▸ **TASK BRIEF**: Reproduce all the entries beneath this sentence exactly.

** DATA TO USE follows **

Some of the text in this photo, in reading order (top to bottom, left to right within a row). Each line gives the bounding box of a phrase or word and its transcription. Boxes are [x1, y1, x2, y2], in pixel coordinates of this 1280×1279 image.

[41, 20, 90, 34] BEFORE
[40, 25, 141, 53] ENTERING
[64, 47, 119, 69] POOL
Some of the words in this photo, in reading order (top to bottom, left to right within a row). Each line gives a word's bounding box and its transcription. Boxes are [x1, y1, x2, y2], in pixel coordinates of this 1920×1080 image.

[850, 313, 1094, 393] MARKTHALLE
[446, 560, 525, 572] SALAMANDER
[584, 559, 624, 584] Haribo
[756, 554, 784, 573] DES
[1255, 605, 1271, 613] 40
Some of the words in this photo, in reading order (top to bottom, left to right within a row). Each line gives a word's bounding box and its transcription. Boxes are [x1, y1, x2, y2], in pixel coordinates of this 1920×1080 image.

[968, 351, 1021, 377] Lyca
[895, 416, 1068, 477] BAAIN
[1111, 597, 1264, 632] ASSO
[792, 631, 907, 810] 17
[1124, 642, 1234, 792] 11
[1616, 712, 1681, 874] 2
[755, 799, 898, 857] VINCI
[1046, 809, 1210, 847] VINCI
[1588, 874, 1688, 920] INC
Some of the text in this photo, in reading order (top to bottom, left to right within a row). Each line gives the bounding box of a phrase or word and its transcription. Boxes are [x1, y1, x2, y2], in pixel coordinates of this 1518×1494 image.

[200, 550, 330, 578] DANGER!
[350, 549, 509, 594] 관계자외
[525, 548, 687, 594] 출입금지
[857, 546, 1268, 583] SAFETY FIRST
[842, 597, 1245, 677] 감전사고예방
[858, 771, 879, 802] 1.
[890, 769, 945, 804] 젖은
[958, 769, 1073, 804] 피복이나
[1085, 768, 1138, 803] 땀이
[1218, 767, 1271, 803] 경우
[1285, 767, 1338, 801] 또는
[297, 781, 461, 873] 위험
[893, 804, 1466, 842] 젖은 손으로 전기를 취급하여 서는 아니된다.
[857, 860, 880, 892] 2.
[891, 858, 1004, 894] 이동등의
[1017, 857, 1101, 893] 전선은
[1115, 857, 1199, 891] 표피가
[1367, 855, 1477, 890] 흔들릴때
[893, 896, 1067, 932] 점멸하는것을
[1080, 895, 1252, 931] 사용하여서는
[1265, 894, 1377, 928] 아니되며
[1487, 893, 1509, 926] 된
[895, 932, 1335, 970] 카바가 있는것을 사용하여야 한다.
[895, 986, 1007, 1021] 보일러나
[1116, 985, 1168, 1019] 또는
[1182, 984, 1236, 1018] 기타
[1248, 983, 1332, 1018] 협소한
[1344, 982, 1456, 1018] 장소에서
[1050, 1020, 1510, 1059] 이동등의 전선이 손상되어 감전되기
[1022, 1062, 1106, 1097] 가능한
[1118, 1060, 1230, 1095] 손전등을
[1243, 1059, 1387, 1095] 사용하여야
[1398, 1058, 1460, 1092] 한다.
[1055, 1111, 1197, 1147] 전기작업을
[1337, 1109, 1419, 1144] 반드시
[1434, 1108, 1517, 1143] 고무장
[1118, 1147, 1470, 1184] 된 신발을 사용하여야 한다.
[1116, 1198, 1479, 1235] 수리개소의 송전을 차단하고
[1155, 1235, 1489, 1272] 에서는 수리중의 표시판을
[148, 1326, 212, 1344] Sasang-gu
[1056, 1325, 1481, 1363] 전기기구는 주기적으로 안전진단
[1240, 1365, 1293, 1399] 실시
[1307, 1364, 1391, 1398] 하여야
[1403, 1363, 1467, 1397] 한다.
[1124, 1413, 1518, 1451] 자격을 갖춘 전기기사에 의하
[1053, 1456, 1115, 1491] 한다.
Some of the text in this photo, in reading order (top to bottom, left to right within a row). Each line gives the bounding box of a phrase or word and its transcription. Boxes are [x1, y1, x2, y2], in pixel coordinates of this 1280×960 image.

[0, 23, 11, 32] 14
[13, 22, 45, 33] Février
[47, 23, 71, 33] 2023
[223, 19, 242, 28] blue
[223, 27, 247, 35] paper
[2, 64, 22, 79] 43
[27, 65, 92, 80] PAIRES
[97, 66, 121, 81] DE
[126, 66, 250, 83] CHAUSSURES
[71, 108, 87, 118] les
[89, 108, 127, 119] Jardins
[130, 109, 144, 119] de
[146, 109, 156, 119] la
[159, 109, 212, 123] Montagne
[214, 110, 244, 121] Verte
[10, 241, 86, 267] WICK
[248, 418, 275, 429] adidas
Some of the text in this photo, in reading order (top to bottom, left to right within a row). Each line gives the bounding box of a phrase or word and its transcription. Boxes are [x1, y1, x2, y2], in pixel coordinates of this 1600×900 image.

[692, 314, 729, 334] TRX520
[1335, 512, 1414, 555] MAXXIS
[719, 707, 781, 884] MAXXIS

** End of DATA TO USE **

▸ **ANSWER BELOW**:
Some of the text in this photo, in reading order (top to bottom, left to right within a row). Each line gives the bounding box of a phrase or word and its transcription. Boxes are [x1, y1, x2, y2], in pixel coordinates of this 1280×1279 image.

[41, 20, 90, 34] BEFORE
[40, 25, 141, 53] ENTERING
[64, 47, 119, 69] POOL
Some of the words in this photo, in reading order (top to bottom, left to right within a row). Each line gives a word's bounding box and its transcription. Boxes are [x1, y1, x2, y2], in pixel coordinates of this 1920×1080 image.

[850, 313, 1094, 393] MARKTHALLE
[446, 560, 525, 572] SALAMANDER
[584, 559, 624, 584] Haribo
[756, 554, 784, 573] DES
[1255, 605, 1271, 613] 40
Some of the words in this photo, in reading order (top to bottom, left to right within a row). Each line gives a word's bounding box and its transcription. Boxes are [x1, y1, x2, y2], in pixel coordinates of this 1920×1080 image.

[968, 351, 1021, 377] Lyca
[895, 416, 1068, 477] BAAIN
[1111, 597, 1264, 632] ASSO
[792, 631, 907, 810] 17
[1124, 642, 1234, 792] 11
[1616, 712, 1681, 874] 2
[755, 799, 898, 857] VINCI
[1046, 809, 1210, 847] VINCI
[1588, 874, 1688, 920] INC
Some of the text in this photo, in reading order (top to bottom, left to right within a row). Each line gives the bounding box of a phrase or word and its transcription. Boxes are [x1, y1, x2, y2], in pixel coordinates of this 1518×1494 image.

[200, 550, 330, 578] DANGER!
[350, 549, 509, 594] 관계자외
[525, 548, 687, 594] 출입금지
[857, 546, 1268, 583] SAFETY FIRST
[842, 597, 1245, 677] 감전사고예방
[858, 771, 879, 802] 1.
[890, 769, 945, 804] 젖은
[958, 769, 1073, 804] 피복이나
[1085, 768, 1138, 803] 땀이
[1218, 767, 1271, 803] 경우
[1285, 767, 1338, 801] 또는
[297, 781, 461, 873] 위험
[893, 804, 1466, 842] 젖은 손으로 전기를 취급하여 서는 아니된다.
[857, 860, 880, 892] 2.
[891, 858, 1004, 894] 이동등의
[1017, 857, 1101, 893] 전선은
[1115, 857, 1199, 891] 표피가
[1367, 855, 1477, 890] 흔들릴때
[893, 896, 1067, 932] 점멸하는것을
[1080, 895, 1252, 931] 사용하여서는
[1265, 894, 1377, 928] 아니되며
[1487, 893, 1509, 926] 된
[895, 932, 1335, 970] 카바가 있는것을 사용하여야 한다.
[895, 986, 1007, 1021] 보일러나
[1116, 985, 1168, 1019] 또는
[1182, 984, 1236, 1018] 기타
[1248, 983, 1332, 1018] 협소한
[1344, 982, 1456, 1018] 장소에서
[1050, 1020, 1510, 1059] 이동등의 전선이 손상되어 감전되기
[1022, 1062, 1106, 1097] 가능한
[1118, 1060, 1230, 1095] 손전등을
[1243, 1059, 1387, 1095] 사용하여야
[1398, 1058, 1460, 1092] 한다.
[1055, 1111, 1197, 1147] 전기작업을
[1337, 1109, 1419, 1144] 반드시
[1434, 1108, 1517, 1143] 고무장
[1118, 1147, 1470, 1184] 된 신발을 사용하여야 한다.
[1116, 1198, 1479, 1235] 수리개소의 송전을 차단하고
[1155, 1235, 1489, 1272] 에서는 수리중의 표시판을
[148, 1326, 212, 1344] Sasang-gu
[1056, 1325, 1481, 1363] 전기기구는 주기적으로 안전진단
[1240, 1365, 1293, 1399] 실시
[1307, 1364, 1391, 1398] 하여야
[1403, 1363, 1467, 1397] 한다.
[1124, 1413, 1518, 1451] 자격을 갖춘 전기기사에 의하
[1053, 1456, 1115, 1491] 한다.
Some of the text in this photo, in reading order (top to bottom, left to right within a row). Each line gives the bounding box of a phrase or word and its transcription. Boxes are [x1, y1, x2, y2], in pixel coordinates of this 1280×960 image.

[0, 23, 11, 32] 14
[13, 22, 45, 33] Février
[47, 23, 71, 33] 2023
[223, 19, 242, 28] blue
[223, 27, 247, 35] paper
[2, 64, 22, 79] 43
[27, 65, 92, 80] PAIRES
[97, 66, 121, 81] DE
[126, 66, 250, 83] CHAUSSURES
[71, 108, 87, 118] les
[89, 108, 127, 119] Jardins
[130, 109, 144, 119] de
[146, 109, 156, 119] la
[159, 109, 212, 123] Montagne
[214, 110, 244, 121] Verte
[10, 241, 86, 267] WICK
[248, 418, 275, 429] adidas
Some of the text in this photo, in reading order (top to bottom, left to right within a row). Each line gives the bounding box of a phrase or word and its transcription. Boxes are [x1, y1, x2, y2], in pixel coordinates of this 1600×900 image.

[692, 314, 729, 334] TRX520
[1335, 512, 1414, 555] MAXXIS
[719, 707, 781, 884] MAXXIS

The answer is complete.